Problem description
Apart from the pictures, every line below needs to be reproduced verbatim.

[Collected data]
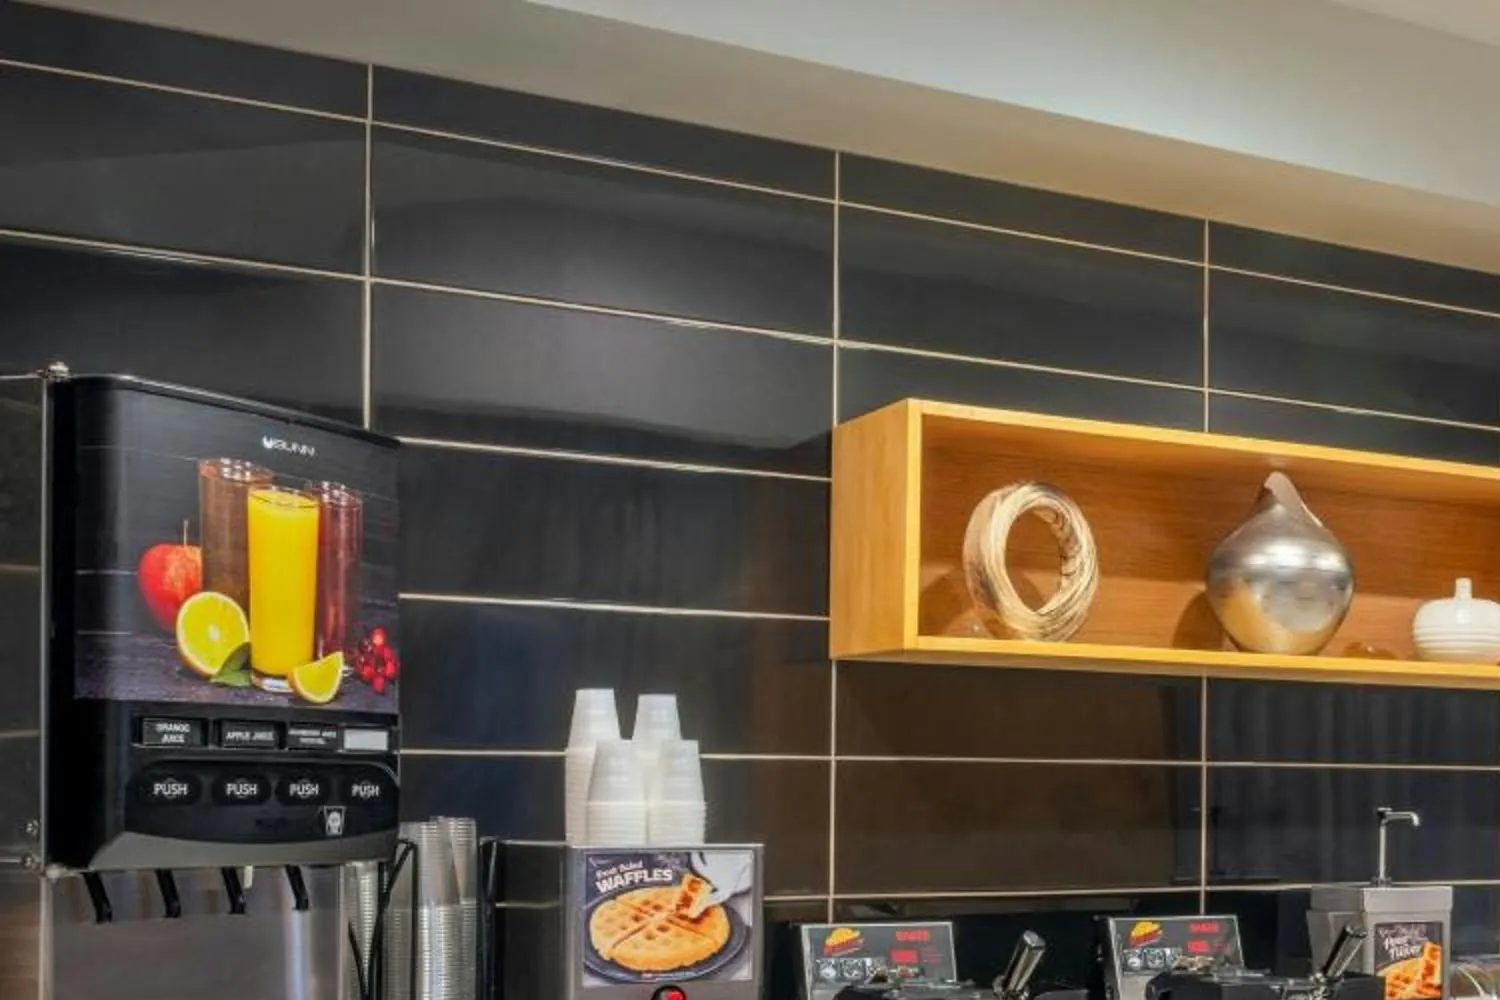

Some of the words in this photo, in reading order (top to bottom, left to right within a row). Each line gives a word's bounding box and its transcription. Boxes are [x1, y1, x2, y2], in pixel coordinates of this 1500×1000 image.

[225, 731, 251, 742] APPLE
[153, 783, 188, 796] PUSH
[227, 783, 258, 796] PUSH
[289, 783, 320, 797] PUSH
[351, 784, 380, 797] PUSH
[595, 868, 673, 893] WAFFLES
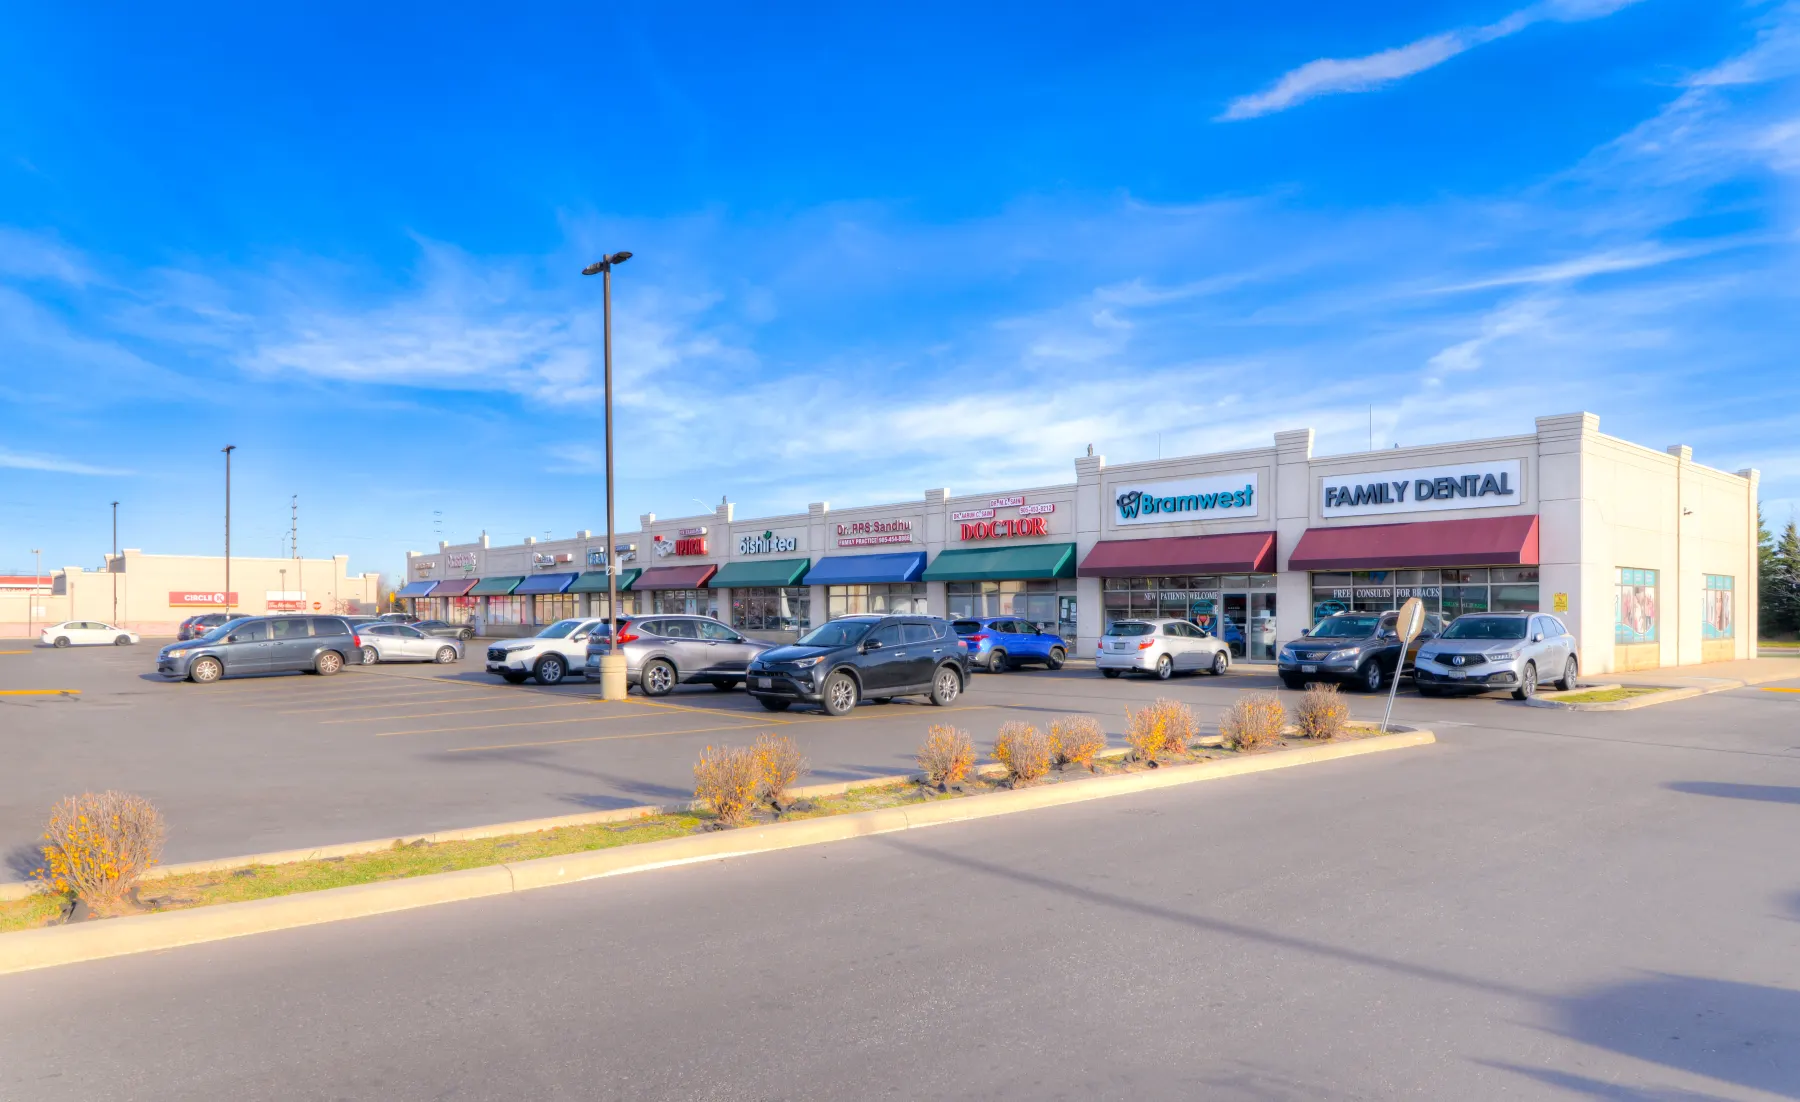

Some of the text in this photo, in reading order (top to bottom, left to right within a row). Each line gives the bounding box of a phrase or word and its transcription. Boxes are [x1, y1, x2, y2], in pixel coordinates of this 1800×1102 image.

[1325, 472, 1514, 508] FAMILY DENTAL
[1142, 484, 1254, 515] Bramwest
[837, 524, 851, 536] Dr.
[873, 519, 912, 533] Sandhu
[960, 517, 1048, 541] DOCTOR
[773, 536, 797, 552] tea
[838, 538, 855, 546] FAMILY
[855, 536, 877, 545] PRACTICE
[184, 594, 213, 602] CIRCLE
[1144, 591, 1218, 601] NEW PATIENTS WELCOME
[1333, 587, 1440, 598] FREE CONSULTS FOR BRACES

Output for this exercise
Some of the words in this photo, in reading order (top to bottom, left to right within a row). Each line gives a word's bounding box and its transcription. Boxes are [x1, y1, x2, y2], in pixel coordinates of this 1500×1000 image.

[225, 731, 251, 742] APPLE
[153, 783, 188, 796] PUSH
[227, 783, 258, 796] PUSH
[289, 783, 320, 797] PUSH
[351, 784, 380, 797] PUSH
[595, 868, 673, 893] WAFFLES

Some of the text in this photo, in reading order (top to bottom, left to right within a row). Each line gives the bounding box of a phrase or word and its transcription. Boxes are [x1, y1, x2, y2], in pixel coordinates of this 1800×1102 image.

[1325, 472, 1514, 508] FAMILY DENTAL
[1142, 484, 1254, 515] Bramwest
[837, 524, 851, 536] Dr.
[873, 519, 912, 533] Sandhu
[960, 517, 1048, 541] DOCTOR
[773, 536, 797, 552] tea
[838, 538, 855, 546] FAMILY
[855, 536, 877, 545] PRACTICE
[184, 594, 213, 602] CIRCLE
[1144, 591, 1218, 601] NEW PATIENTS WELCOME
[1333, 587, 1440, 598] FREE CONSULTS FOR BRACES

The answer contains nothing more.